Oh, disclaimer so you don't get exasperated thinking I'm beating last year's 
horse: I'm no longer advocating a change in gawk itself. Percents aren't that 
This is housekeeping.

--- On Tue, 4/10/12, Eli Zaretskii <address@hidden> wrote:

>> And I have difficulty imagining a scenario where an unintended
>> percent would sneak into a filename or compiler/archiver args,
>> so it's not surprising make's doing okay.
> Then why wouldn't Gawk do fine as well?
For make, $(FOO)'s values are explicit: hardcoded, or args to make itself, or 
env vars (which shouldn't contain percents in the circs you'd use make).

Gawk can build command strings at runtime from arbitrary files/pipes... though 
all the examples I can think of where funky strings are filtered into/through 
external apps could instead have the strings fed into STDIN from a pipe or 
redirected from a temporary text file.

Hrm, the missing two-way pipe (|&) feature was what _originally_ motivated me 
to use args:
"\"path\\wget.exe\" -O - -q \"...\"" | getline
I can pipe in, or out, but not both without a coprocess or temp file.
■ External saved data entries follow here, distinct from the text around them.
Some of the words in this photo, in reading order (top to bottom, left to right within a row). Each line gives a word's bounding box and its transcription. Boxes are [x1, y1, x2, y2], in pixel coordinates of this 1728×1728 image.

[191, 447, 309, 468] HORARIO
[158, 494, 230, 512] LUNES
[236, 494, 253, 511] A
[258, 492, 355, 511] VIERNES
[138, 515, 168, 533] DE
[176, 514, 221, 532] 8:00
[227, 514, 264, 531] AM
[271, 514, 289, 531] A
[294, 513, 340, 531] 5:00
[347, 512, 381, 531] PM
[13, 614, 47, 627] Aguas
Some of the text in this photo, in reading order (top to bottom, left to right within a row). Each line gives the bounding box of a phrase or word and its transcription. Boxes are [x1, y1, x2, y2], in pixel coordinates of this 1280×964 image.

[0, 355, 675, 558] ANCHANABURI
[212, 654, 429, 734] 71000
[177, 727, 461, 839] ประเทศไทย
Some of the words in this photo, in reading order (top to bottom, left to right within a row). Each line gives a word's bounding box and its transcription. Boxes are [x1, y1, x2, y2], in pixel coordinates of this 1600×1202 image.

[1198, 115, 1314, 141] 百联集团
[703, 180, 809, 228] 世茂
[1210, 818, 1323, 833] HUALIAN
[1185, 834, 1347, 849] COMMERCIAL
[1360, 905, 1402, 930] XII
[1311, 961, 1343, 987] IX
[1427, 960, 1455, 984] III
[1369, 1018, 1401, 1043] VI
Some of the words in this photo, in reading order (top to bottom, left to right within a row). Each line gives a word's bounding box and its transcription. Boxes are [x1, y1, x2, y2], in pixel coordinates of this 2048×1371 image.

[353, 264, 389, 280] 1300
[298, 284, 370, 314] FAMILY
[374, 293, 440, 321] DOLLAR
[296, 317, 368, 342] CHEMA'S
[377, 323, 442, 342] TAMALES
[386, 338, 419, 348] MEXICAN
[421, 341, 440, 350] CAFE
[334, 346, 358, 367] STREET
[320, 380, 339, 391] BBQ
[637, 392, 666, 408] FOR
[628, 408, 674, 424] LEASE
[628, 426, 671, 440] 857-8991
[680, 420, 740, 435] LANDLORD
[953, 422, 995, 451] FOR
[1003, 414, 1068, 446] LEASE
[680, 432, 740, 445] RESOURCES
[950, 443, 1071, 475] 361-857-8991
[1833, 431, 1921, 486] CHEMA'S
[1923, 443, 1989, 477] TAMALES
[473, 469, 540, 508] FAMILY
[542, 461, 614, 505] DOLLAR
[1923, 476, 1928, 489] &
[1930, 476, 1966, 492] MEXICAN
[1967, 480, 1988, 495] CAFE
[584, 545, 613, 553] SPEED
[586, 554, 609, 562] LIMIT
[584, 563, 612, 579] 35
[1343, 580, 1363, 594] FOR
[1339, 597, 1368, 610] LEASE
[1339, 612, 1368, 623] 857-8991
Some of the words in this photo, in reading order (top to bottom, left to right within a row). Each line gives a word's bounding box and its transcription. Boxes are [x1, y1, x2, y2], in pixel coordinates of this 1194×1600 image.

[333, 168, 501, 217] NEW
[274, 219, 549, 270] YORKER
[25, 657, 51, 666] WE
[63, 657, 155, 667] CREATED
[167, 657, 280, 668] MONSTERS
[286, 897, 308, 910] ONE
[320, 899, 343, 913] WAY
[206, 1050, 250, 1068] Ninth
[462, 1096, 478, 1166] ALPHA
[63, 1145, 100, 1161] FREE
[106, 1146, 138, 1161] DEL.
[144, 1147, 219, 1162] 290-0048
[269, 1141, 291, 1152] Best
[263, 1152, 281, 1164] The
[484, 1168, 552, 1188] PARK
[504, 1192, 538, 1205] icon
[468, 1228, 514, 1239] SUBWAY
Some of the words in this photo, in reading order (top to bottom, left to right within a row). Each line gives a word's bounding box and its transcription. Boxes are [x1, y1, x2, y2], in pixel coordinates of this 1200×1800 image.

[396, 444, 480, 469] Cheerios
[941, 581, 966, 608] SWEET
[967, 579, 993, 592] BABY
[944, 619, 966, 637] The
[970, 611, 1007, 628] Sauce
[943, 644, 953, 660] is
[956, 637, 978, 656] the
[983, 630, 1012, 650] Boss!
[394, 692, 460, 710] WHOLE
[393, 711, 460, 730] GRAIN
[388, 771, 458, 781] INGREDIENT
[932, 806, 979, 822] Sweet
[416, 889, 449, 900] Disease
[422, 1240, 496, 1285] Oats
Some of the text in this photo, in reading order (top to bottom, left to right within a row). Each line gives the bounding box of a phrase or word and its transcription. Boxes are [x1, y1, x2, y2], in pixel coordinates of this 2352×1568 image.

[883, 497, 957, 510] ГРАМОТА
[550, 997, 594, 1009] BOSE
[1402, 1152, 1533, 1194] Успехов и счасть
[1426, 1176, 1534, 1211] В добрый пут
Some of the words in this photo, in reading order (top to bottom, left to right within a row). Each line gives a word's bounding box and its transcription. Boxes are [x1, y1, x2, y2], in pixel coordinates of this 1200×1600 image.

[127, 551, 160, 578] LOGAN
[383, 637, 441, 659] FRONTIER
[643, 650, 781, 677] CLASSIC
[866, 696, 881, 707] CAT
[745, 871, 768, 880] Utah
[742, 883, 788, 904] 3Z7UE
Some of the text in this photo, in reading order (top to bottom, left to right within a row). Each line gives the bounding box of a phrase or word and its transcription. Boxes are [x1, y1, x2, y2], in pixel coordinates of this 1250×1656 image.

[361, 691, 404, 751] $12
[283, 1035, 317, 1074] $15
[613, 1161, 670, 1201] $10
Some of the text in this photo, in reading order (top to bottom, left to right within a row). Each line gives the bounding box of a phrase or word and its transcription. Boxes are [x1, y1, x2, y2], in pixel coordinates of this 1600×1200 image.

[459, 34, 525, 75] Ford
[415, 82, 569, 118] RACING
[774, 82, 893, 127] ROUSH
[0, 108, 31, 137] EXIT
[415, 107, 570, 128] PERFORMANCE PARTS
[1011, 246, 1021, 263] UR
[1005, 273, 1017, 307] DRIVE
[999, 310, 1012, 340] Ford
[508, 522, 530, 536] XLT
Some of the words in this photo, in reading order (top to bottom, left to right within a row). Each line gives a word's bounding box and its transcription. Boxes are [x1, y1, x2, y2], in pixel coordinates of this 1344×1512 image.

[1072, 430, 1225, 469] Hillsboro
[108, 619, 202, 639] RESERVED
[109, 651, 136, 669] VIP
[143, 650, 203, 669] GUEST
Note 
that, to be runnable, this example string needs either concatenated fodder 
quotes (see below, CMD's help: #2) or doubled percents in the url.

> First, CMD doesn't do with quotes what you think it does,
> please read the Microsoft documentation about that.  And you
> _do_ need to escape inner quotes

>From cmd /? help...
If /C or /K is specified, then the remainder of the command line after
the switch is processed as a command line, where the following logic is
used to process quote (") characters:

    1.  If all of the following conditions are met, then quote characters
        on the command line are preserved:

        - no /S switch
        - exactly two quote characters
        - no special characters between the two quote characters,
          where special is one of: &<>()@^|
        - there are one or more whitespace characters between the
          the two quote characters
        - the string between the two quote characters is the name
          of an executable file.

    2.  Otherwise, old behavior is to see if the first character is
        a quote character and if so, strip the leading character and
        remove the last quote character on the command line, preserving
        any text after the last quote character.
MSDN repeats this.

Is this not basically what would happen?
1) Gawk code: system("WHATEVER"); # or "\"WHATEVER\""
2a) C code: popen/system/etc("WHATEVER");
2b) A shell, CMD, is tracked down and the func becomes...
2c) func-that-execs("path\\to\\cmd.exe", "/C", "WHATEVER");
3a) CMD then decides whether to eat a pair of quotes (no unescaping happens),
3b) and replaces percented words that match known variables, leaving others be.
3c) Then, as it would in batch, it tokenizes the commandline based on 
un-careted quotes/pipes/redirects/etc into programs and args (sans such carets),
3c) and spawns programs with their args otherwise unaltered.
4) Each program (or shell built-in) individually globs its own array of args, 
if desired.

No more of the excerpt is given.